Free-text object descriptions

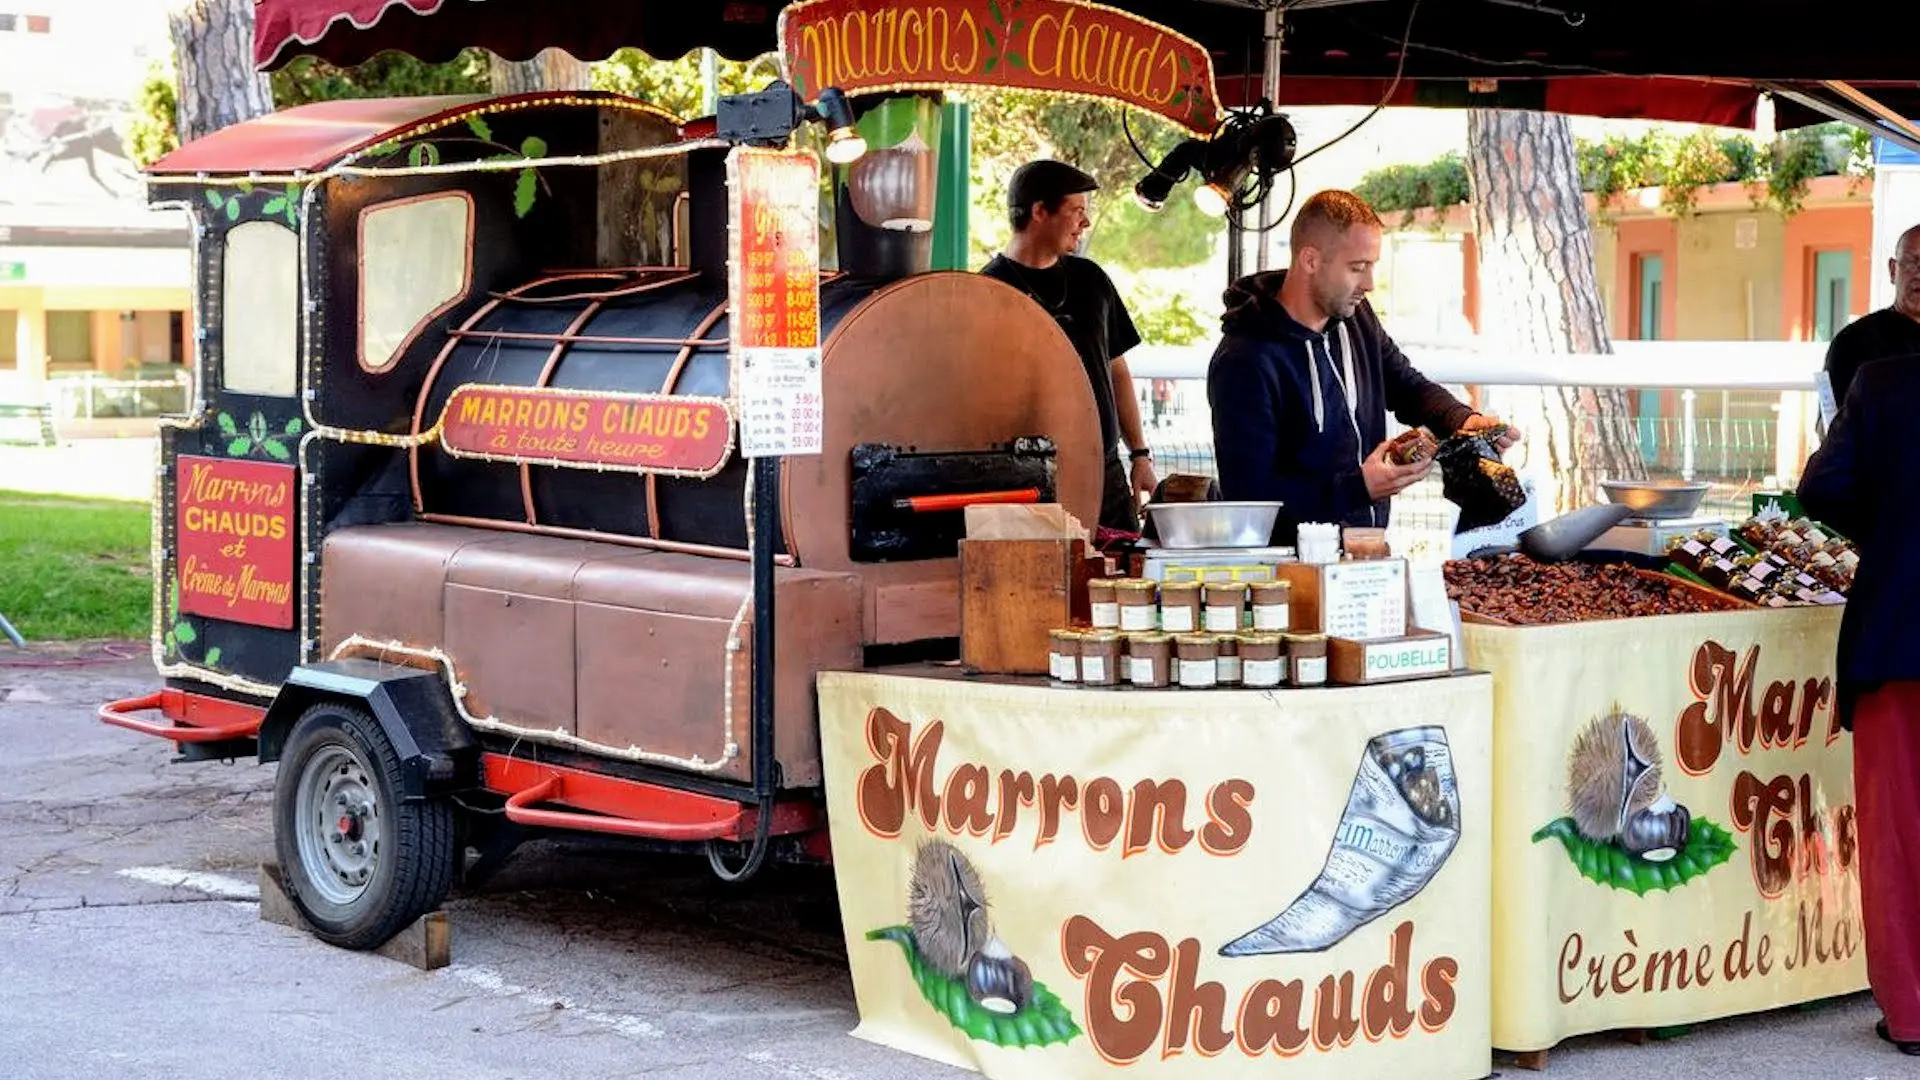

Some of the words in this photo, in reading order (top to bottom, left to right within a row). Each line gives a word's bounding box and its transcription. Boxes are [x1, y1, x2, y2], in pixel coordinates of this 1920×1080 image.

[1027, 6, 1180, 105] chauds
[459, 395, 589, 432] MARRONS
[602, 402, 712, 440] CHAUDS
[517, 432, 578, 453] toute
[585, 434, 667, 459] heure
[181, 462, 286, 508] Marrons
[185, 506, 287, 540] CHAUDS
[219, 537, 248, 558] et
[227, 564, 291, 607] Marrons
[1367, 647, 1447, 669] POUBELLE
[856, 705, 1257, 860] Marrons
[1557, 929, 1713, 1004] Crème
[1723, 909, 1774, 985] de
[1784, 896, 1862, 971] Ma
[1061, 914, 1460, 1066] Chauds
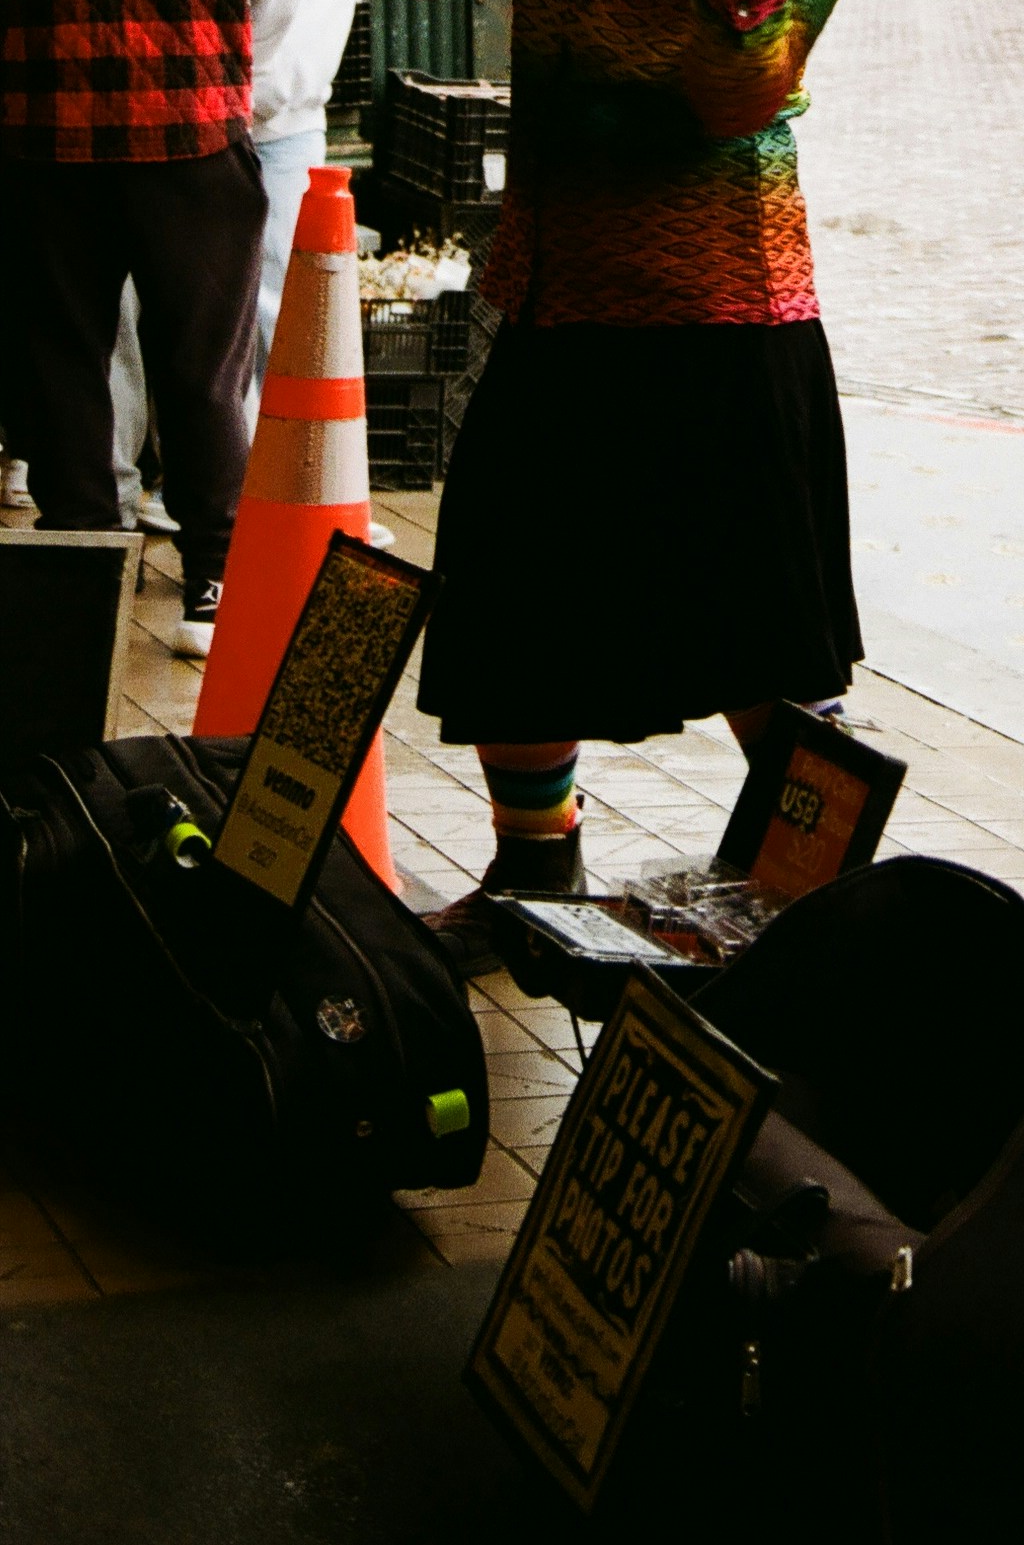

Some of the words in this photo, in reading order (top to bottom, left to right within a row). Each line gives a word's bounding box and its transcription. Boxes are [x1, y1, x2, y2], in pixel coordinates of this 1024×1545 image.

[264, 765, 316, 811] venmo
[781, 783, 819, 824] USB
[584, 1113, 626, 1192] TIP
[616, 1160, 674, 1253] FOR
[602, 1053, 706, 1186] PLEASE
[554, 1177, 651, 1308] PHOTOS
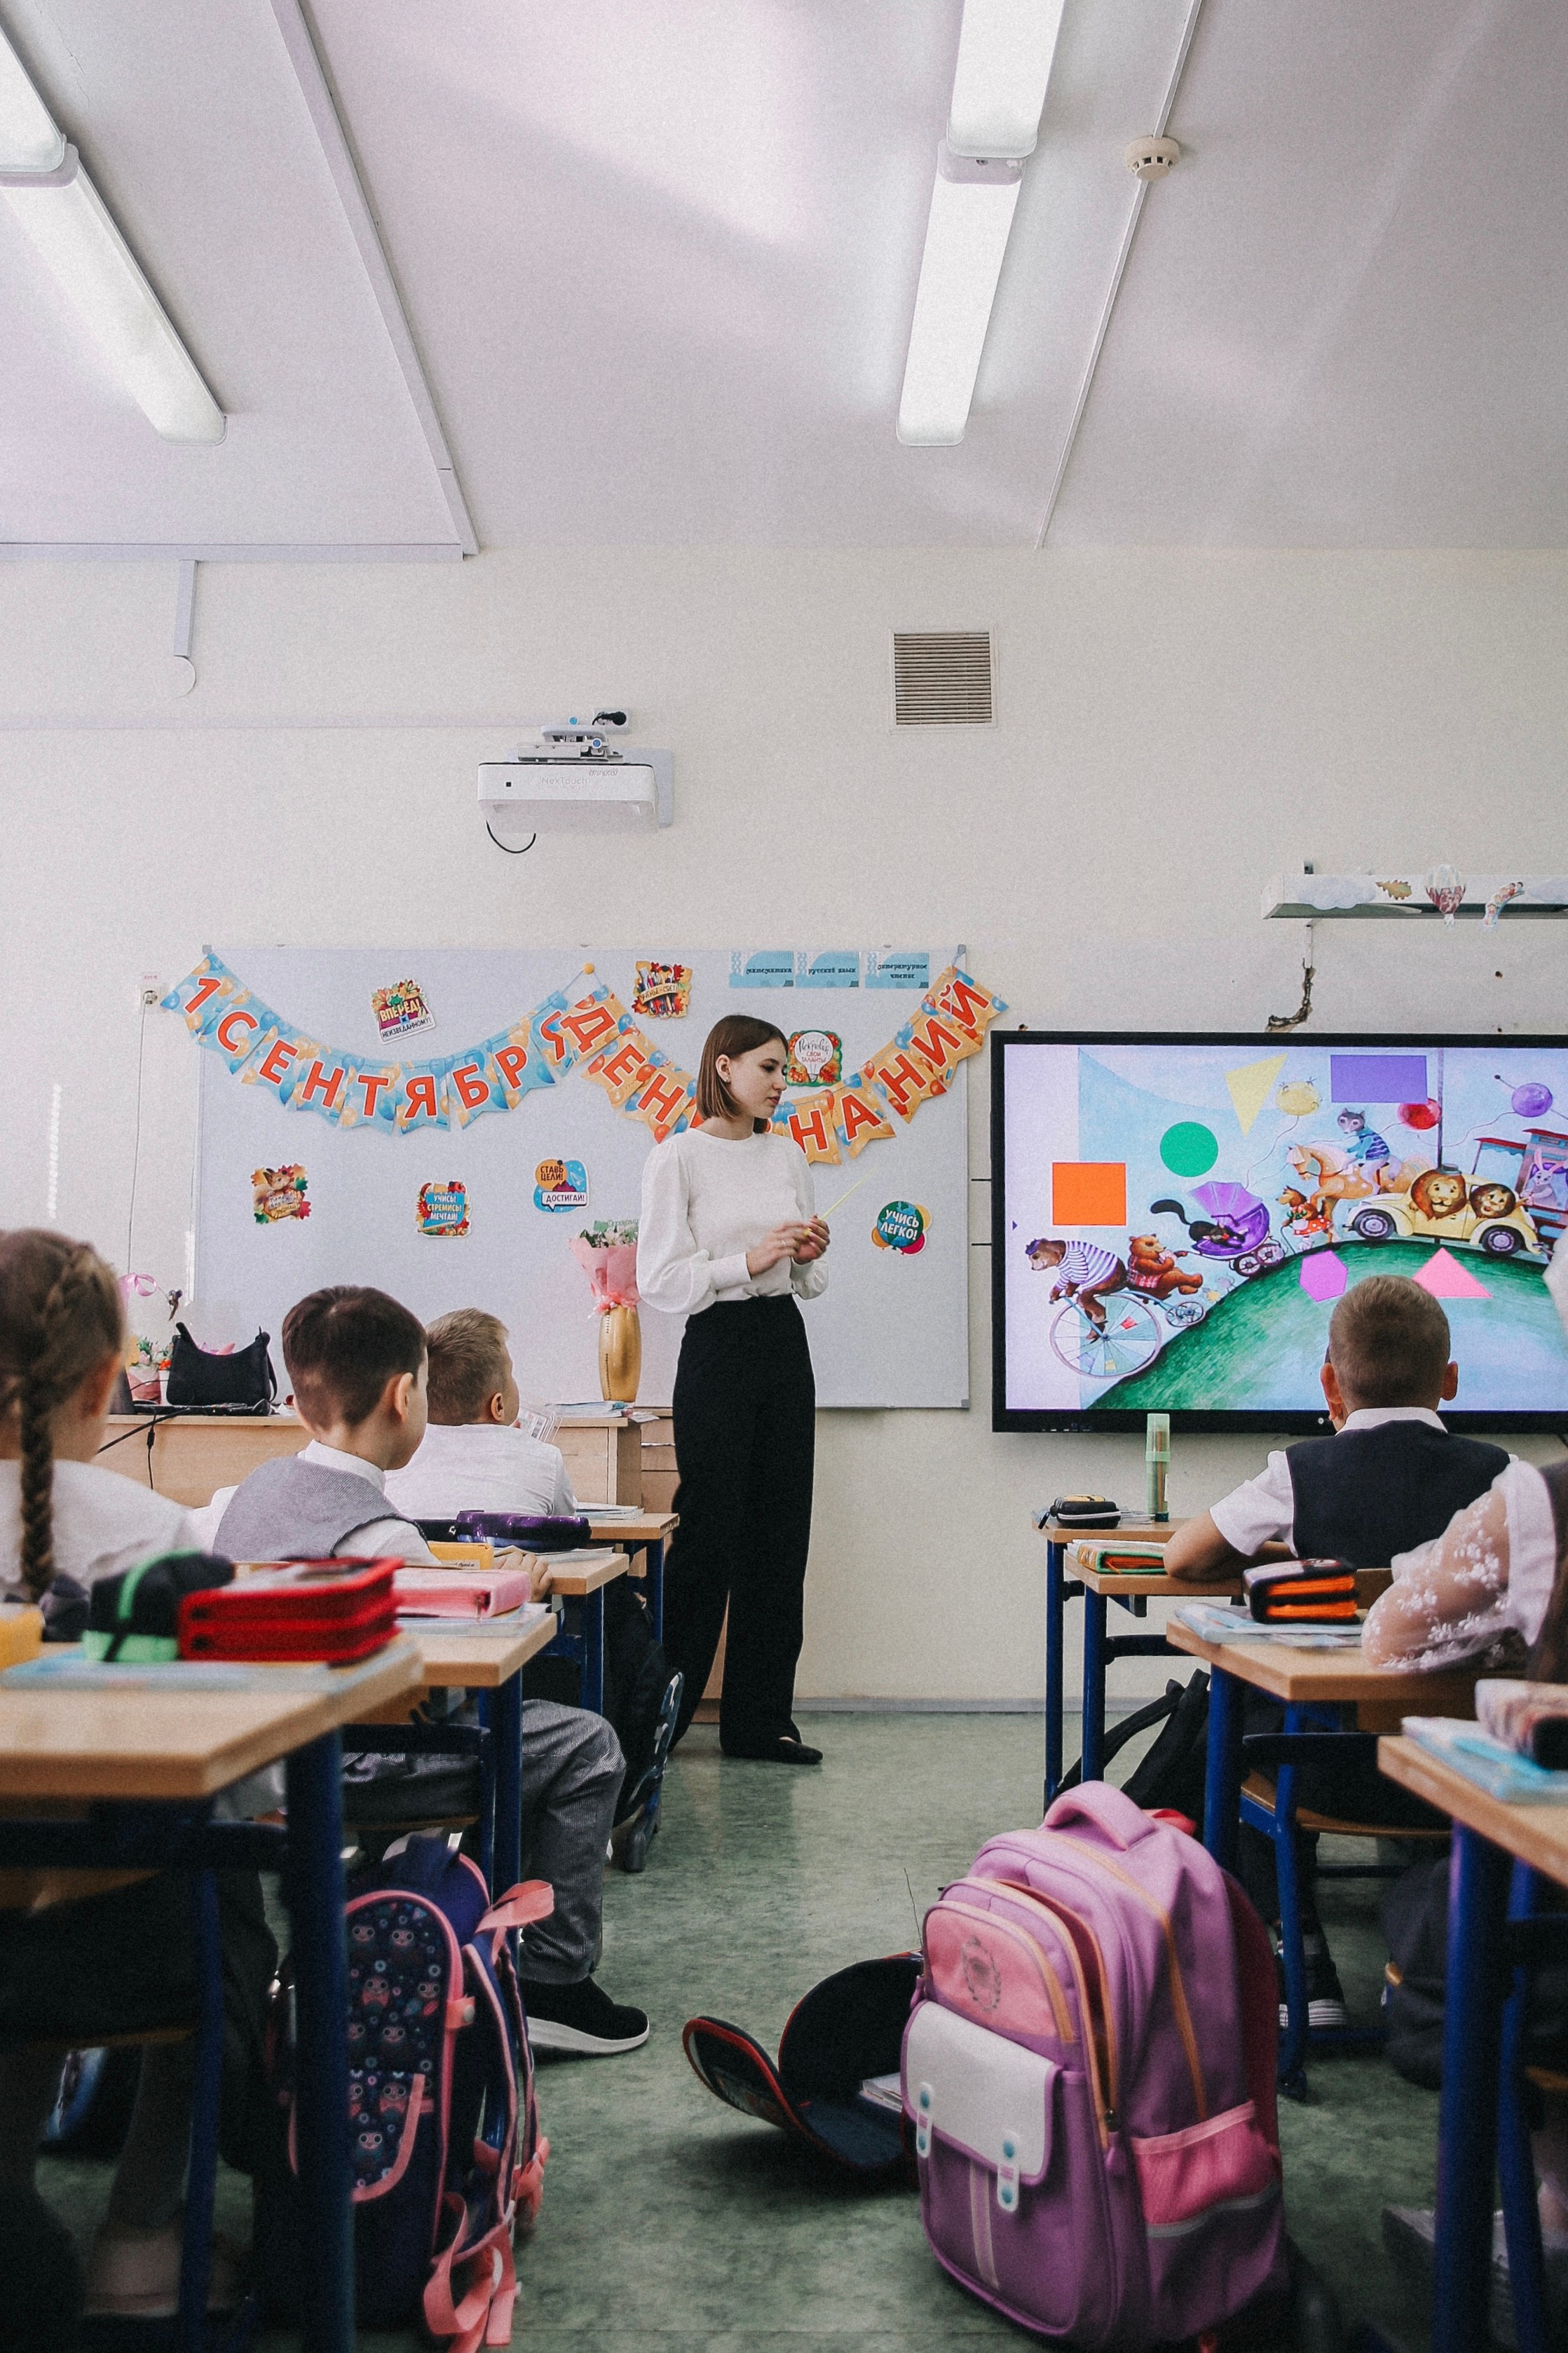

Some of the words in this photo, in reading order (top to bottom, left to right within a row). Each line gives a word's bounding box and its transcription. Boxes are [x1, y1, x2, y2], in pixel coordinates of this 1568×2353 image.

■ **WHAT TO DO**: From the first line to the last, copy the records above exactly and leave out the pictures.

■ **SOLUTION FOR THIS EXERCISE**:
Some of the words in this photo, in reading order (top to bottom, left to right within a row). Each line gives a word's bounding box and its transcription. Boxes are [x1, y1, x2, y2], in pixel coordinates of this 1920×1080 image.

[1027, 6, 1180, 105] chauds
[459, 395, 589, 432] MARRONS
[602, 402, 712, 440] CHAUDS
[517, 432, 578, 453] toute
[585, 434, 667, 459] heure
[181, 462, 286, 508] Marrons
[185, 506, 287, 540] CHAUDS
[219, 537, 248, 558] et
[227, 564, 291, 607] Marrons
[1367, 647, 1447, 669] POUBELLE
[856, 705, 1257, 860] Marrons
[1557, 929, 1713, 1004] Crème
[1723, 909, 1774, 985] de
[1784, 896, 1862, 971] Ma
[1061, 914, 1460, 1066] Chauds

Some of the words in this photo, in reading order (top to bottom, left to right within a row). Each line gives a word's bounding box and its transcription. Boxes are [x1, y1, x2, y2], in pixel coordinates of this 1024×1545 image.

[264, 765, 316, 811] venmo
[781, 783, 819, 824] USB
[584, 1113, 626, 1192] TIP
[616, 1160, 674, 1253] FOR
[602, 1053, 706, 1186] PLEASE
[554, 1177, 651, 1308] PHOTOS

Some of the words in this photo, in reading order (top to bottom, left to right within a row). Each line gives a word's bounding box and its transcription. Boxes are [x1, y1, x2, y2], in pixel coordinates of this 1568×2353 image.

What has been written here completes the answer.